AIM OF THE EXERCISE >> Begin the copy at the line containing "this 2048×1536 image." and end it at the final line of the material below, reproducing each line exactly, without images.
□ □ □
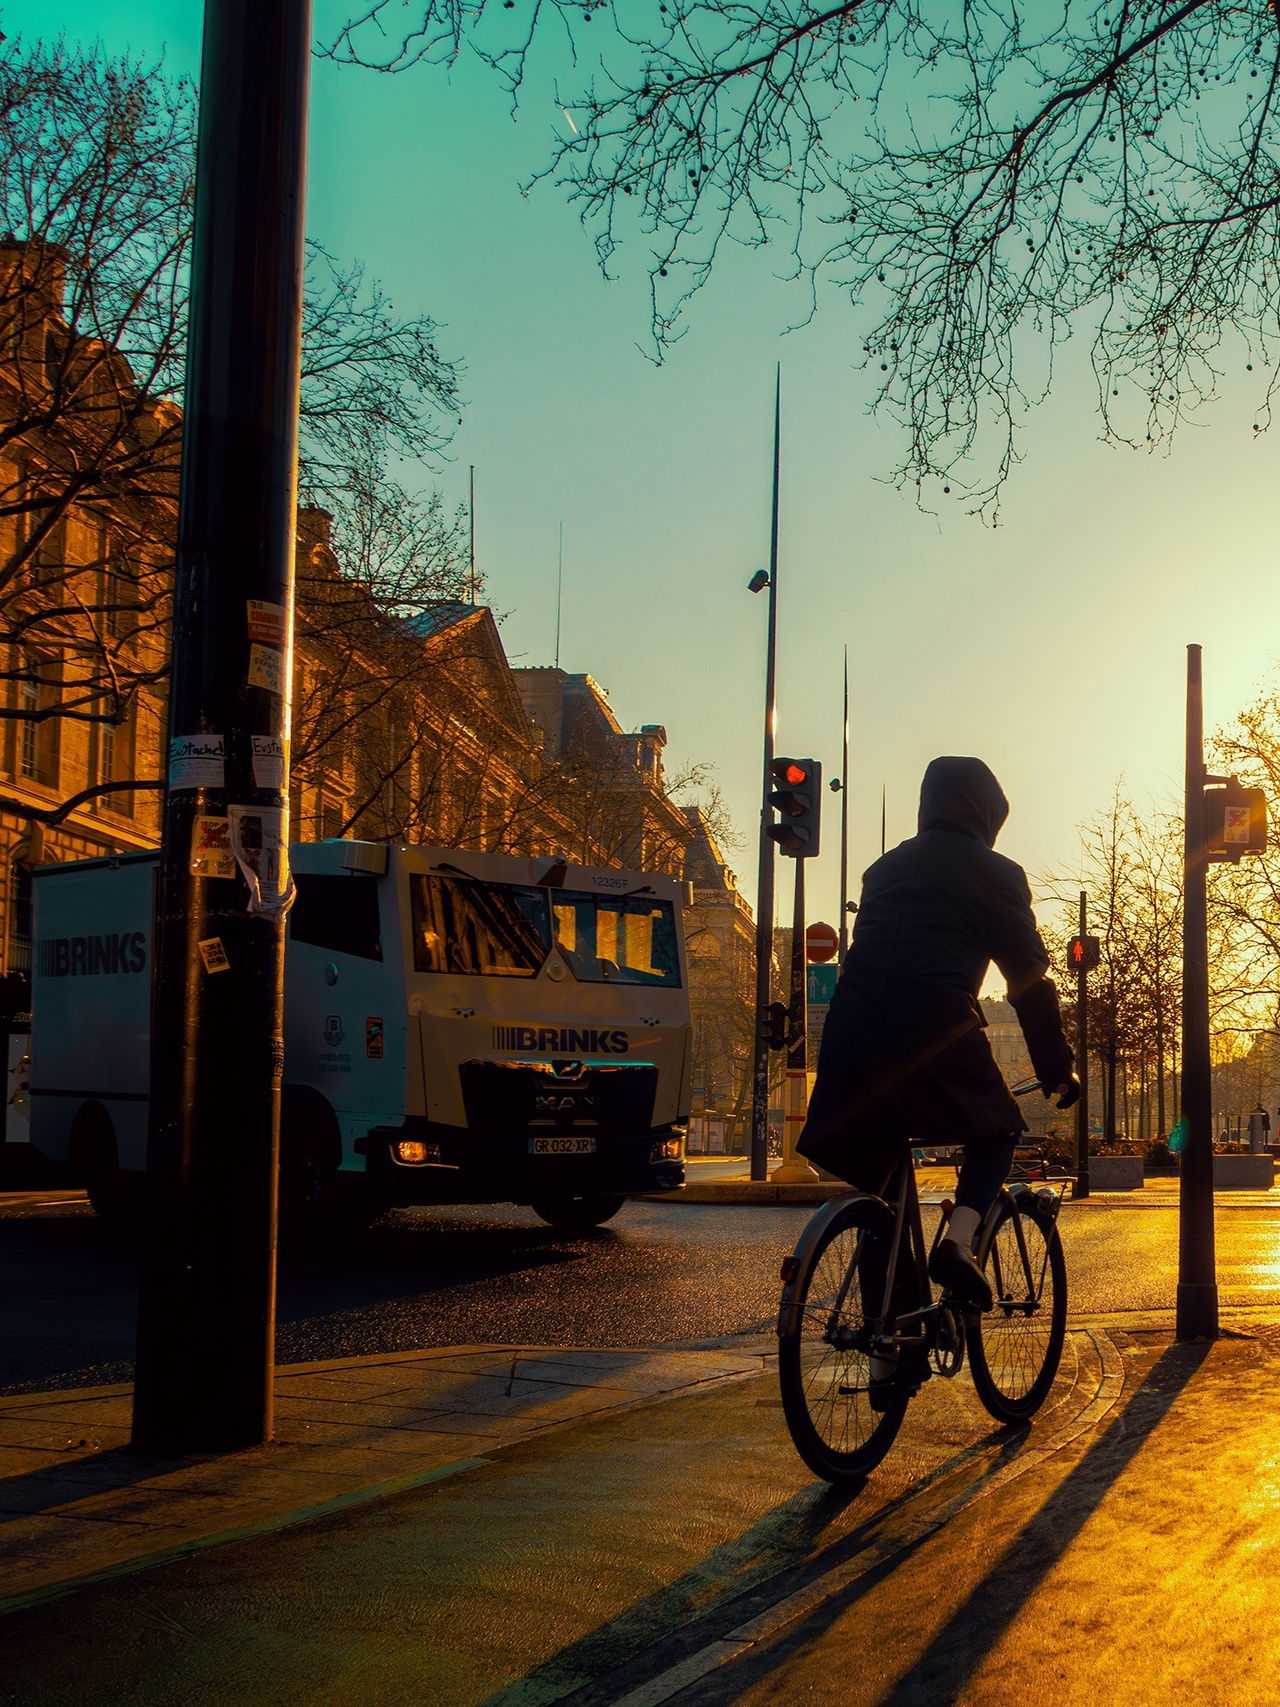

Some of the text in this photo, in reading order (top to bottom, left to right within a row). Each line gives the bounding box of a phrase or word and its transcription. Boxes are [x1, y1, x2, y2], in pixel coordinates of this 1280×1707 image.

[55, 931, 147, 977] BRINKS
[516, 1027, 629, 1054] BRINKS
[535, 1096, 600, 1112] MAN
[534, 1139, 590, 1153] GR-032-XR
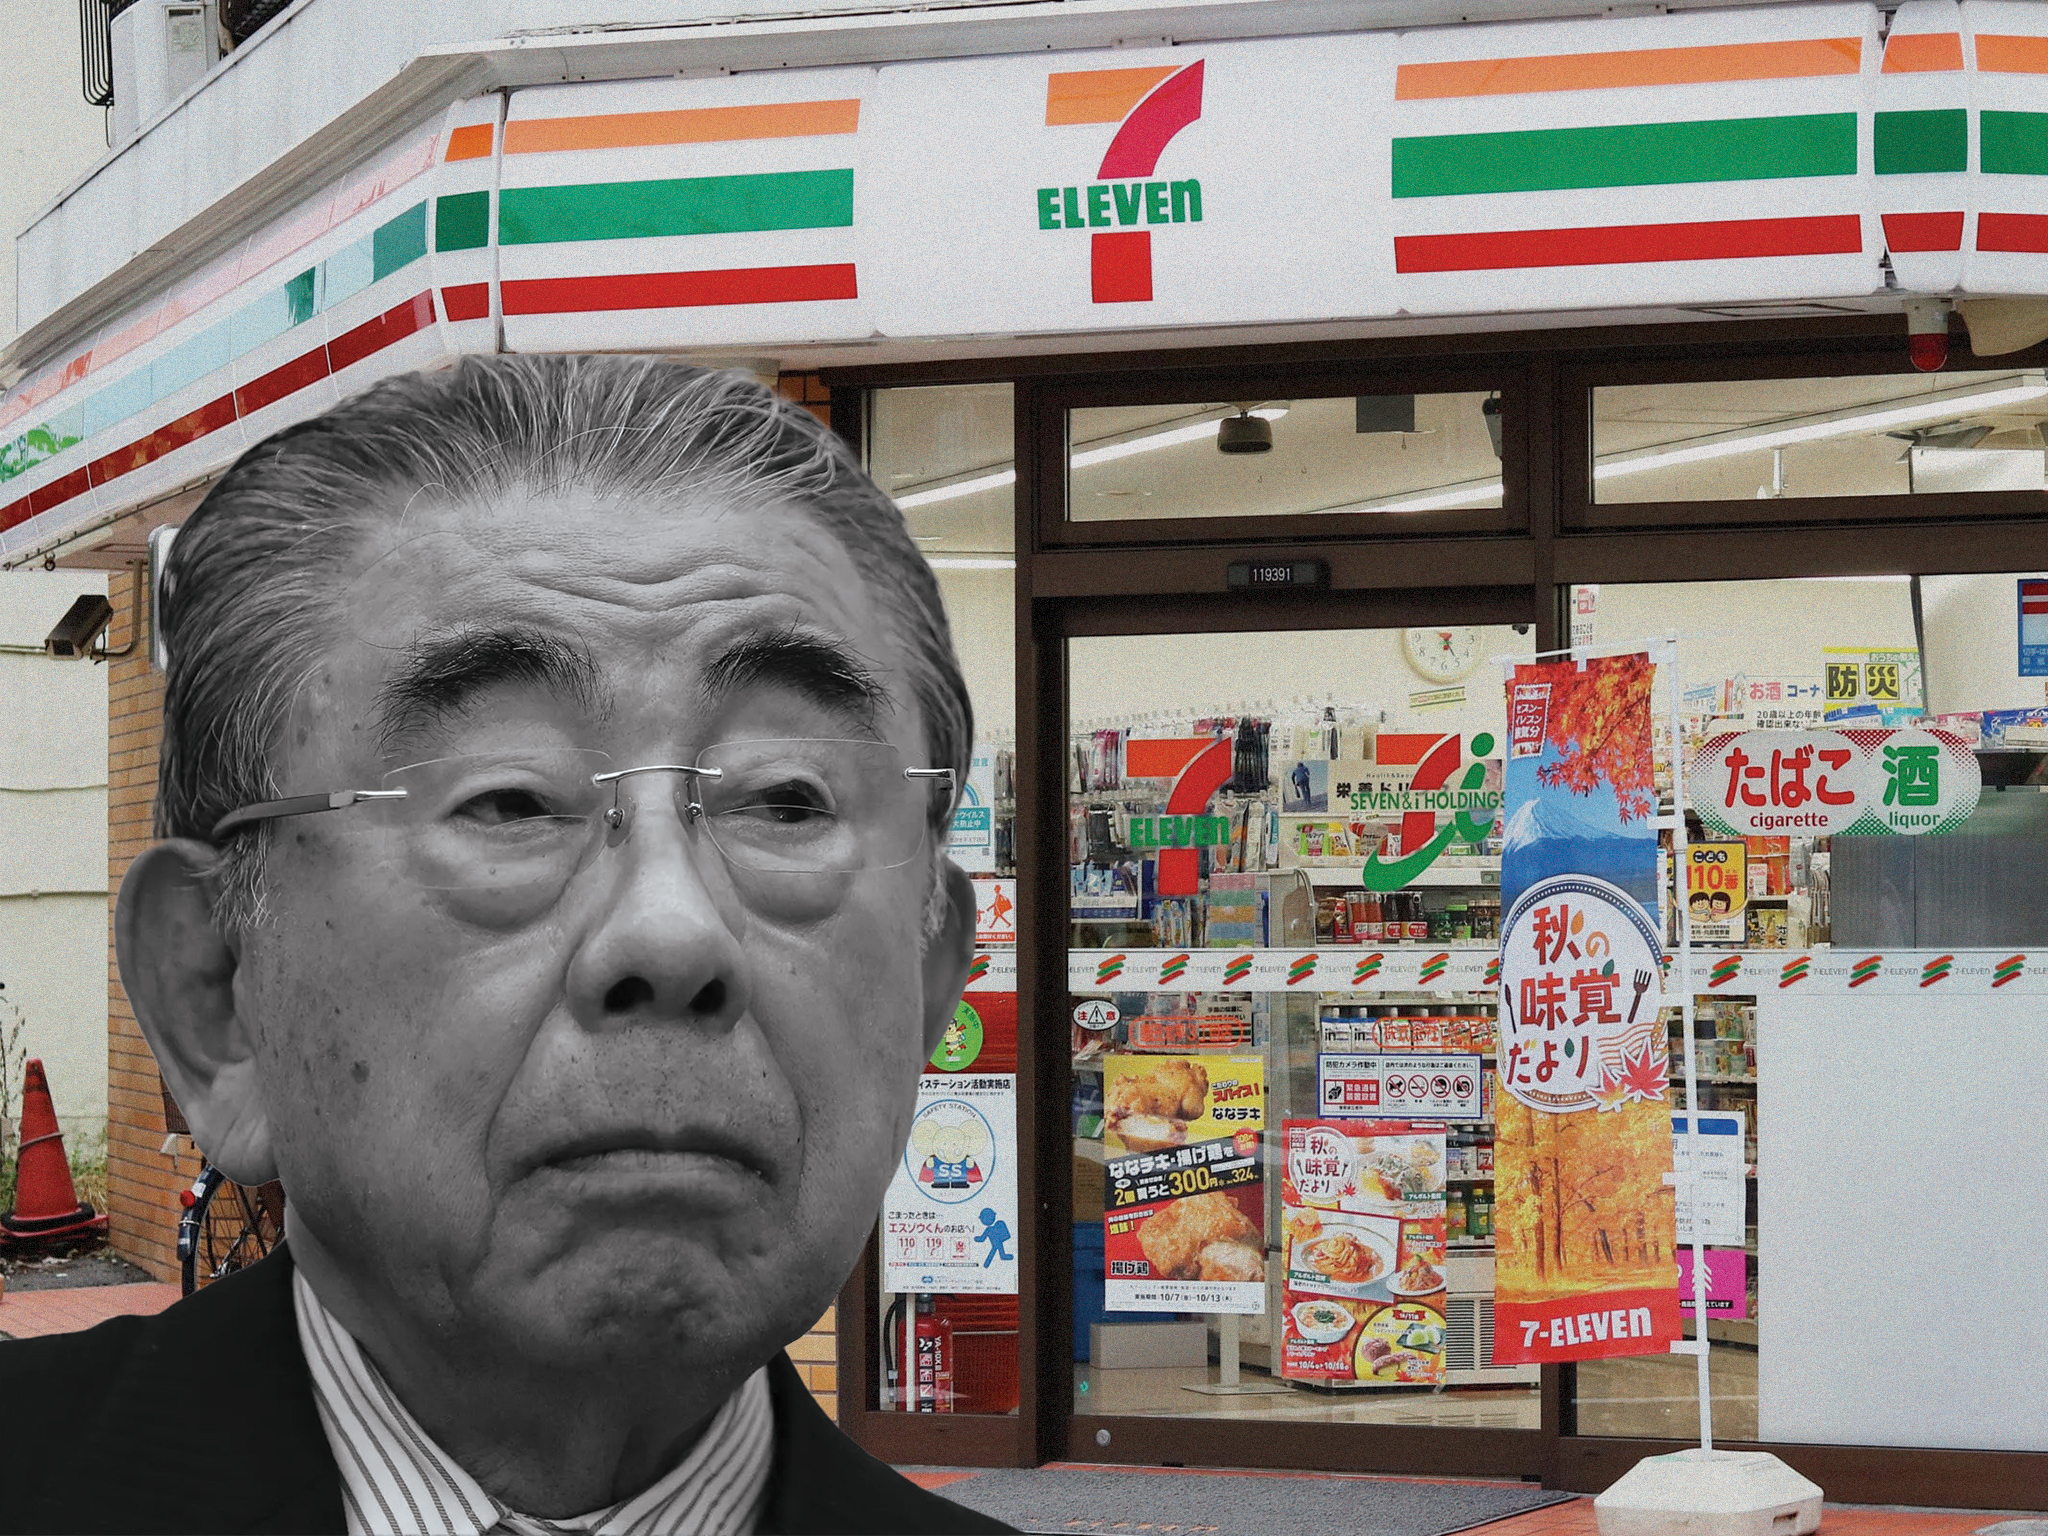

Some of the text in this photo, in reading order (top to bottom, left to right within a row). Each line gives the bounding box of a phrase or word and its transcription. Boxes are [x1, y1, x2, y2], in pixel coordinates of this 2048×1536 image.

[1253, 567, 1290, 582] 119391
[1828, 666, 1898, 697] 防災
[1750, 682, 1823, 701] お酒 コーナ
[1757, 720, 1803, 729] 確認出来な
[1725, 744, 1855, 808] たばこ
[1882, 745, 1940, 806] 酒
[1750, 812, 1828, 831] cigarette
[1889, 811, 1941, 829] liquor
[1693, 850, 1727, 863] こども
[1532, 904, 1610, 965] 秋の
[1519, 967, 1622, 1031] 味覚
[1325, 1028, 1337, 1041] in
[1354, 1028, 1366, 1041] in
[1326, 1061, 1377, 1069] 防犯カメラ作動中
[1506, 1034, 1590, 1085] だより
[922, 1103, 977, 1119] SAFETY STATION
[1310, 1136, 1337, 1155] 秋の
[940, 1164, 962, 1177] SS
[1305, 1157, 1341, 1177] 味覚
[1299, 1180, 1330, 1194] だより
[899, 1238, 942, 1248] 110 119
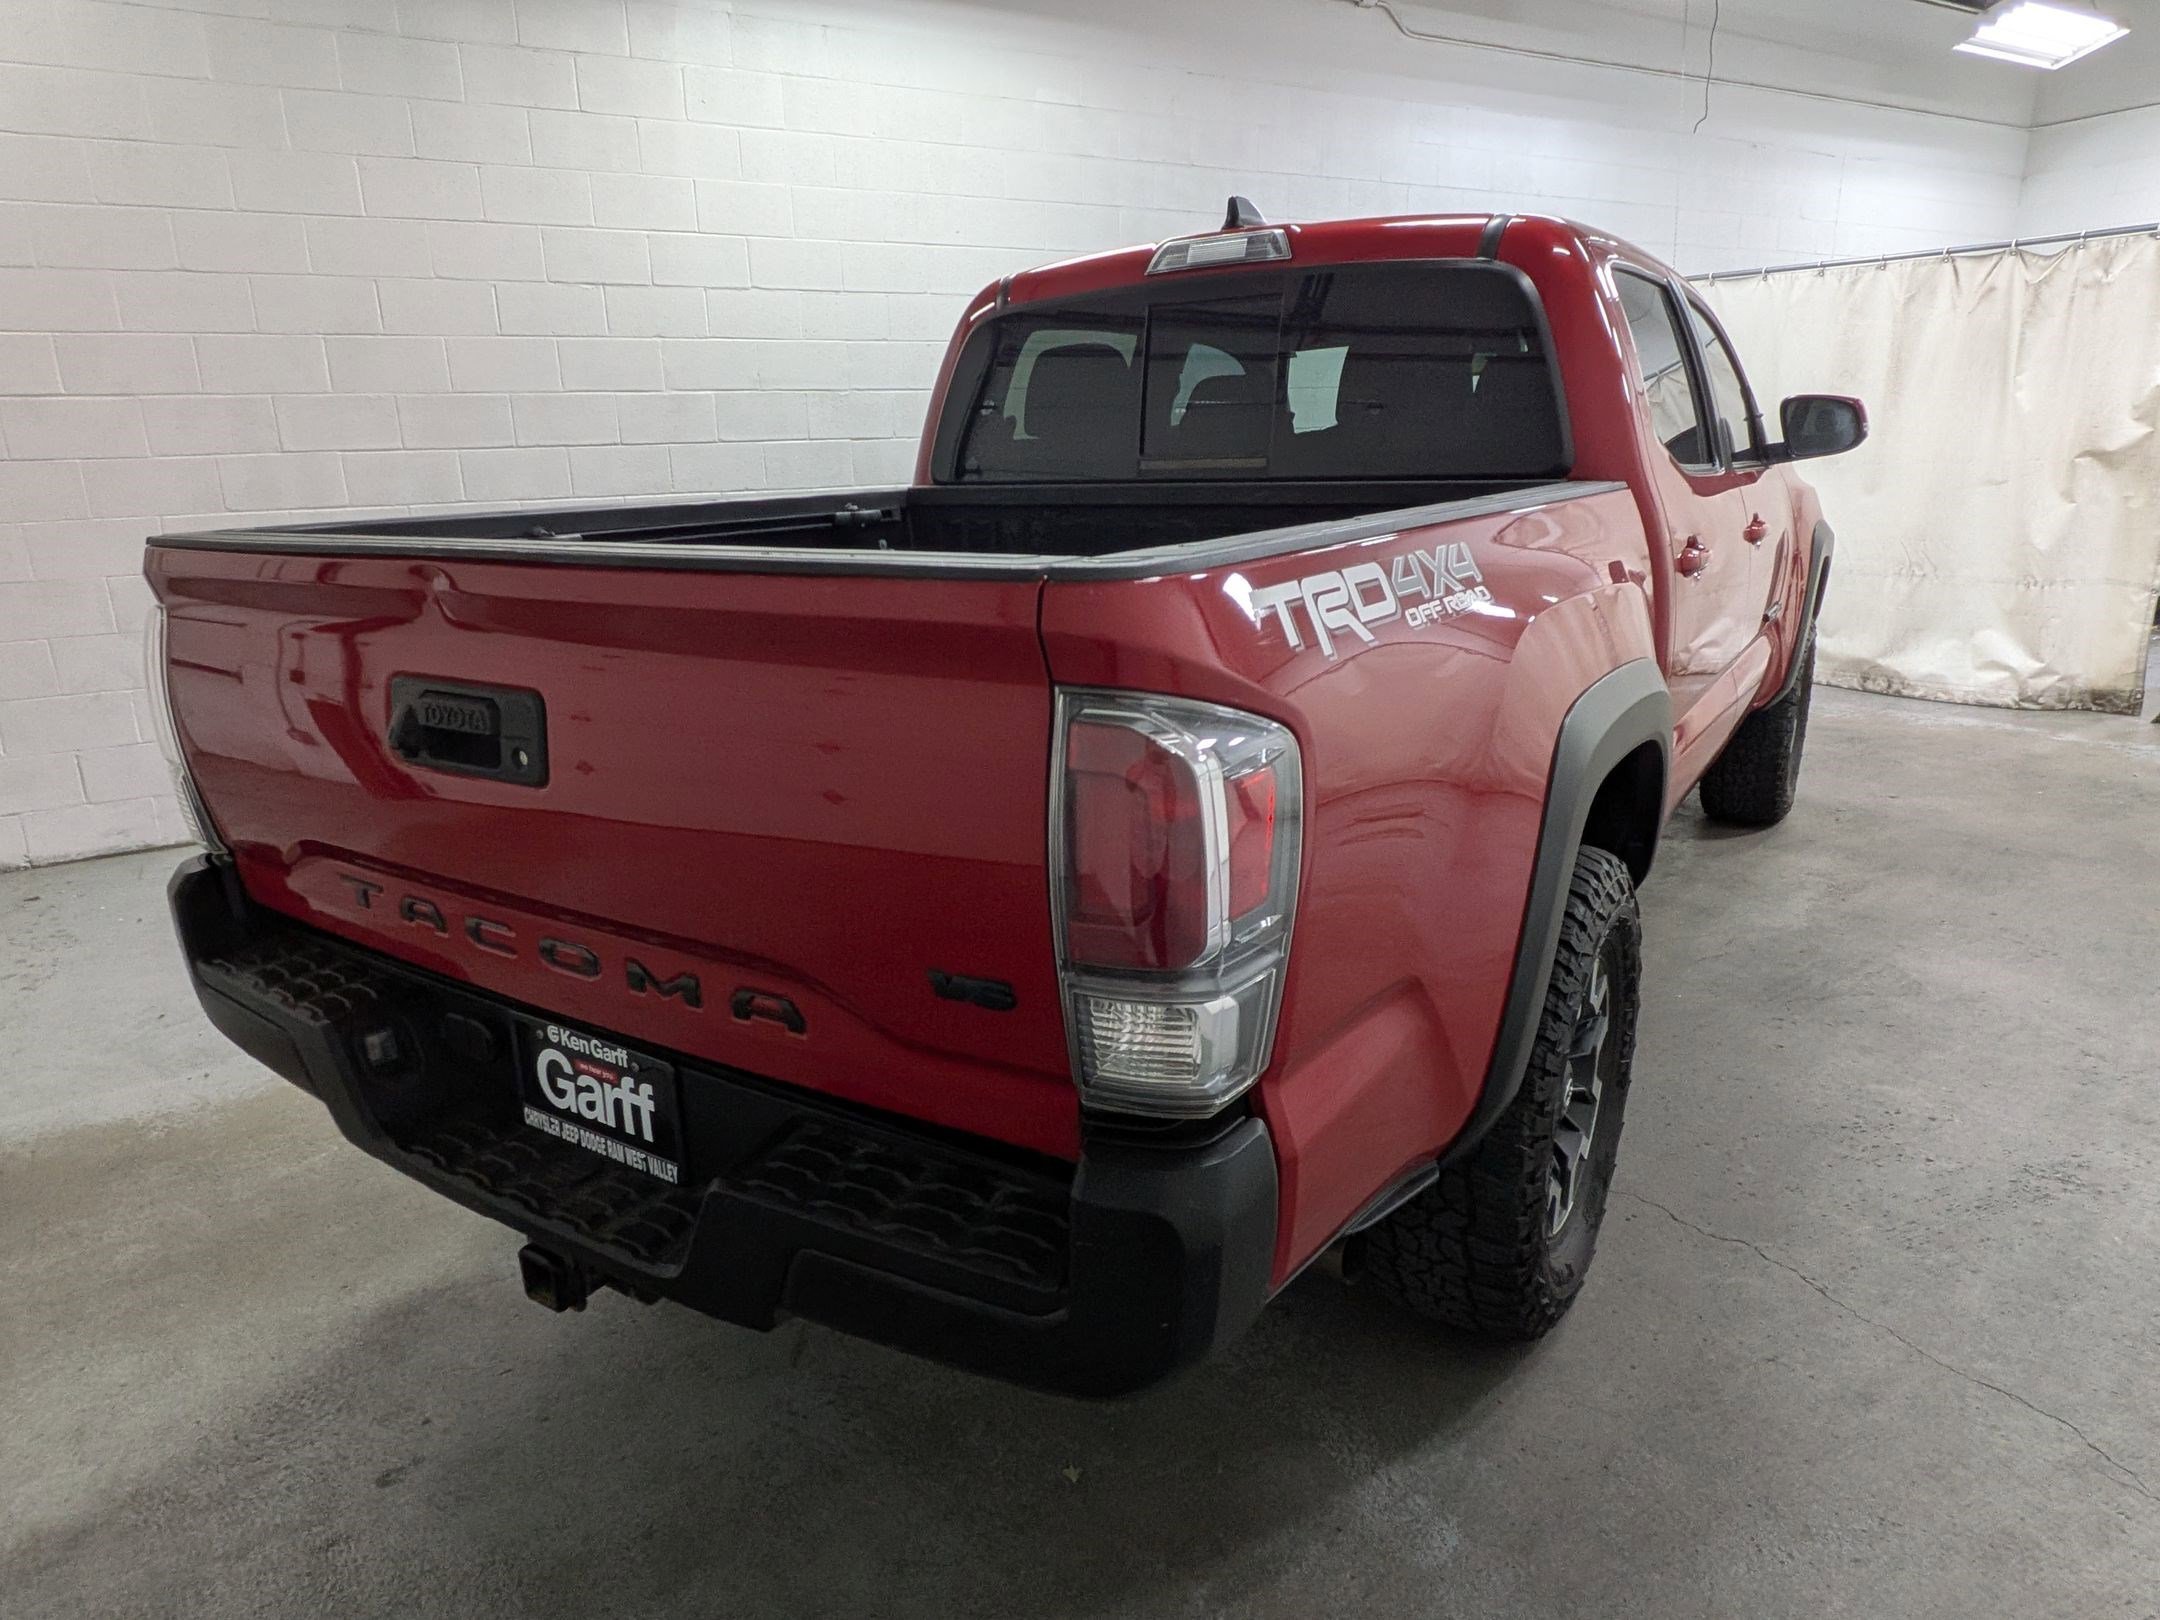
□ □ □
RESULT FOR THIS EXERCISE >>
Some of the text in this photo, in reading order (top to bottom, left to right within a row). Each line gives the bounding box of a phrase or word and its transcription. Boxes are [x1, y1, x2, y2], in pixel coordinates of this 2048×1536 image.

[1253, 567, 1290, 582] 119391
[1828, 666, 1898, 697] 防災
[1750, 682, 1823, 701] お酒 コーナ
[1757, 720, 1803, 729] 確認出来な
[1725, 744, 1855, 808] たばこ
[1882, 745, 1940, 806] 酒
[1750, 812, 1828, 831] cigarette
[1889, 811, 1941, 829] liquor
[1693, 850, 1727, 863] こども
[1532, 904, 1610, 965] 秋の
[1519, 967, 1622, 1031] 味覚
[1325, 1028, 1337, 1041] in
[1354, 1028, 1366, 1041] in
[1326, 1061, 1377, 1069] 防犯カメラ作動中
[1506, 1034, 1590, 1085] だより
[922, 1103, 977, 1119] SAFETY STATION
[1310, 1136, 1337, 1155] 秋の
[940, 1164, 962, 1177] SS
[1305, 1157, 1341, 1177] 味覚
[1299, 1180, 1330, 1194] だより
[899, 1238, 942, 1248] 110 119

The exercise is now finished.